■ What is needed: The copy you give must match the listing below exactly and contain no pictures.

------------------------------

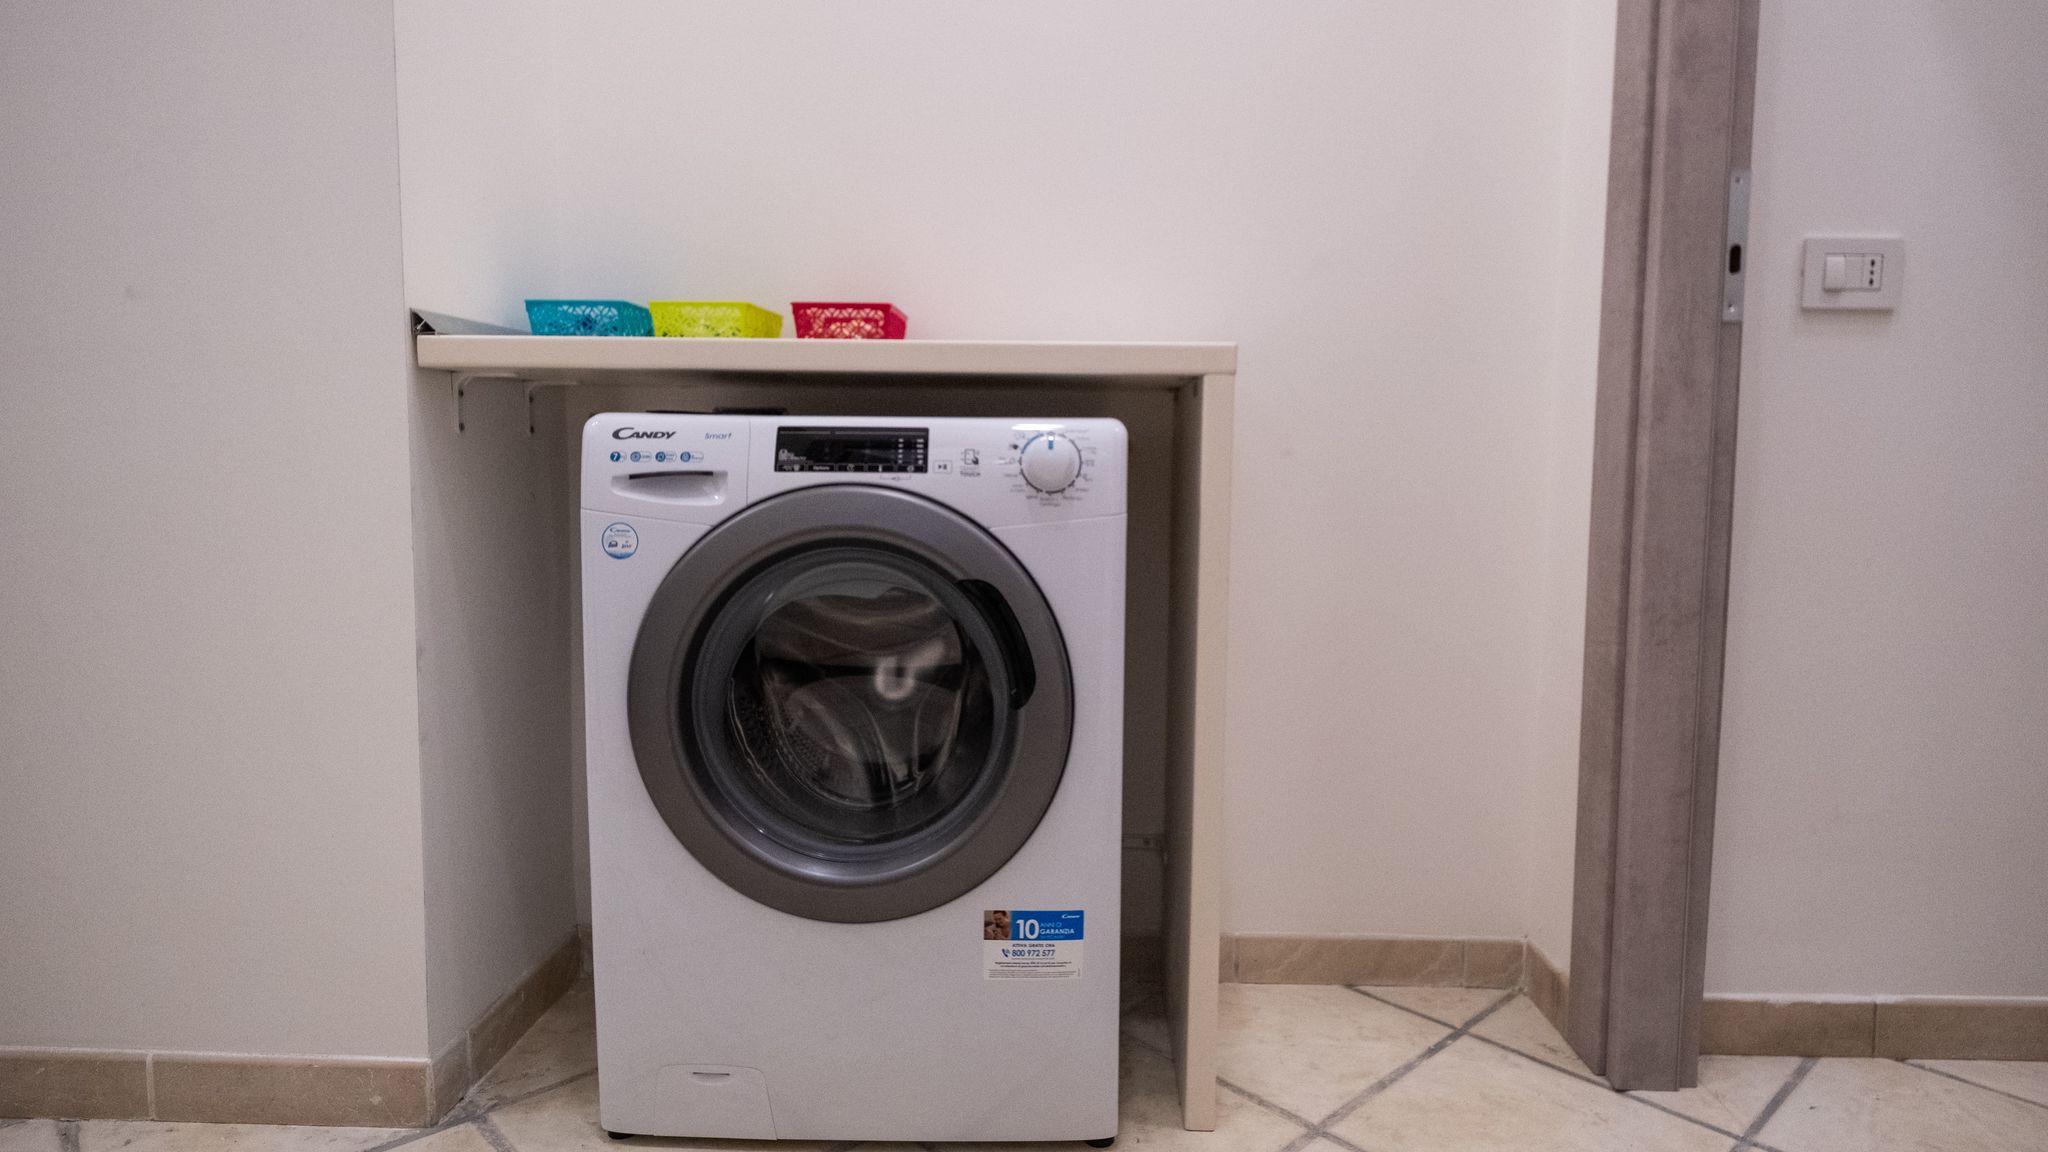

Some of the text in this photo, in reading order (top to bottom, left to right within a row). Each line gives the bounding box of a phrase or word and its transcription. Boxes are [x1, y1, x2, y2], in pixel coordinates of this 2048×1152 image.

[612, 427, 676, 440] CANDY
[1016, 919, 1039, 939] 10
[1012, 949, 1055, 957] 800 972 577
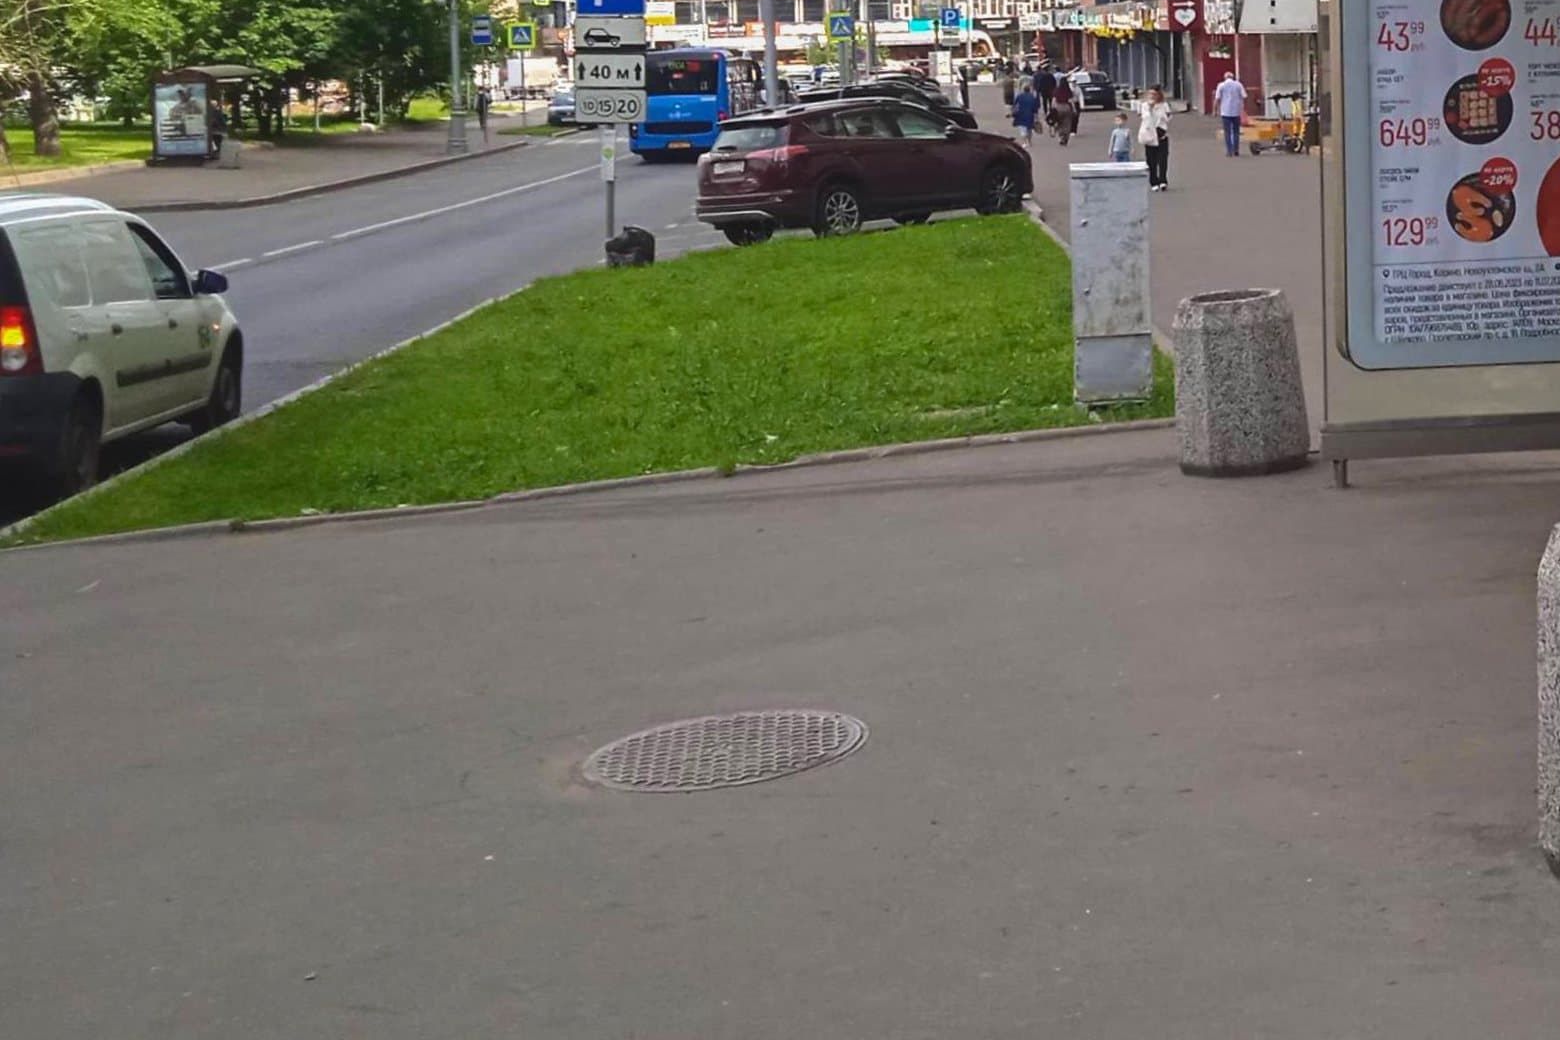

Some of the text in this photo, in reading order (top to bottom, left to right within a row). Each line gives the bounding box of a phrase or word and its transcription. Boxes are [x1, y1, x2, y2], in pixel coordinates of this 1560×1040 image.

[589, 65, 612, 80] 40
[583, 99, 638, 114] 10 15 20
[1383, 218, 1424, 247] 129
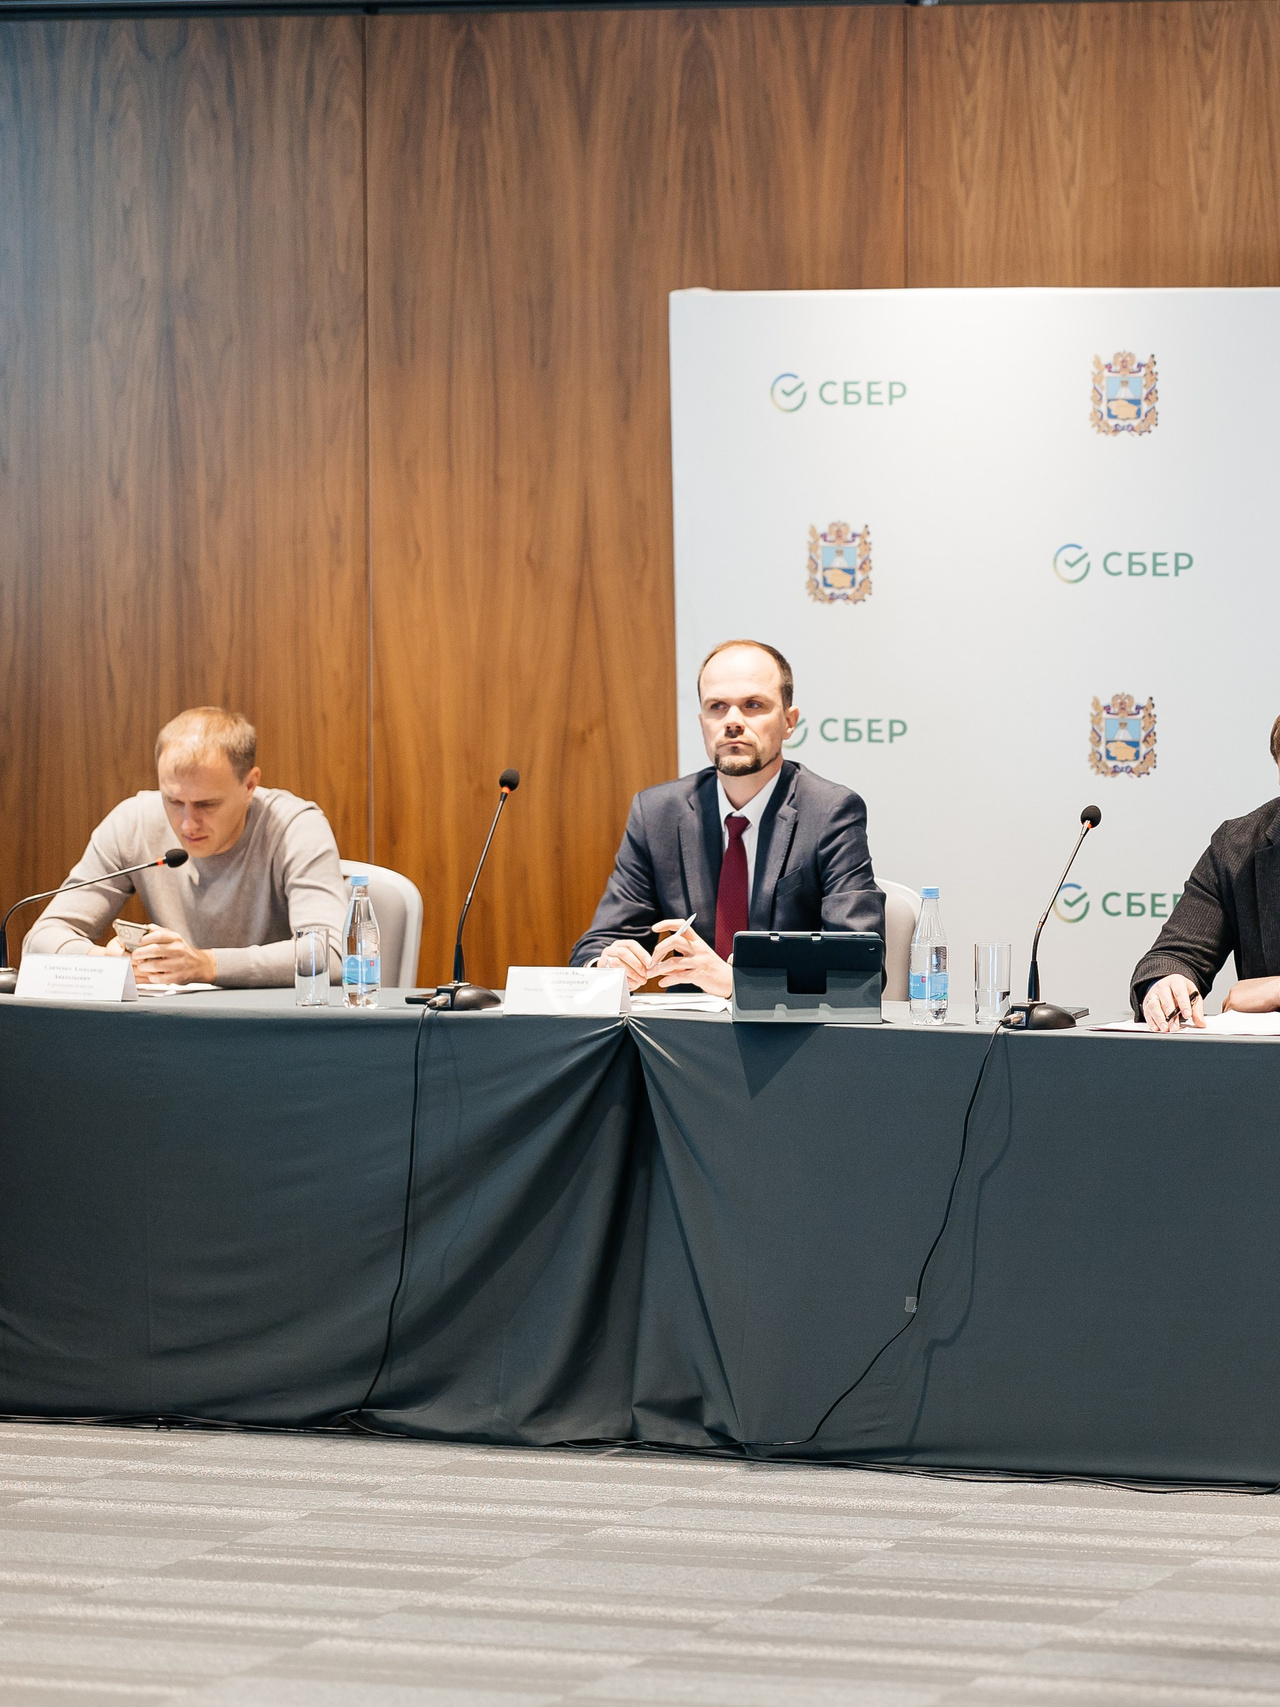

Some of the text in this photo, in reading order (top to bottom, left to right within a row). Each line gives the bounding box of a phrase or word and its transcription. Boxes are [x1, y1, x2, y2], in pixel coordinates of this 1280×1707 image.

[819, 380, 907, 406] СБЕР
[1102, 551, 1194, 578] СБЕР
[819, 717, 908, 744] СБЕР

------------------------------

■ Result of this exercise:
Some of the text in this photo, in reading order (top to bottom, left to right within a row). Each line gives the bounding box of a phrase or word and its transcription. Boxes are [x1, y1, x2, y2], in pixel coordinates of this 2048×1152 image.

[612, 427, 676, 440] CANDY
[1016, 919, 1039, 939] 10
[1012, 949, 1055, 957] 800 972 577

Some of the text in this photo, in reading order (top to bottom, left to right within a row). Each line gives the bounding box of a phrase or word and its transcription. Boxes are [x1, y1, x2, y2], in pixel coordinates of this 1560×1040 image.

[589, 65, 612, 80] 40
[583, 99, 638, 114] 10 15 20
[1383, 218, 1424, 247] 129

Some of the text in this photo, in reading order (top to bottom, left to right within a row). Each line gives the bounding box of a phrase or word and its transcription. Boxes are [x1, y1, x2, y2], in pixel coordinates of this 1280×1707 image.

[819, 380, 907, 406] СБЕР
[1102, 551, 1194, 578] СБЕР
[819, 717, 908, 744] СБЕР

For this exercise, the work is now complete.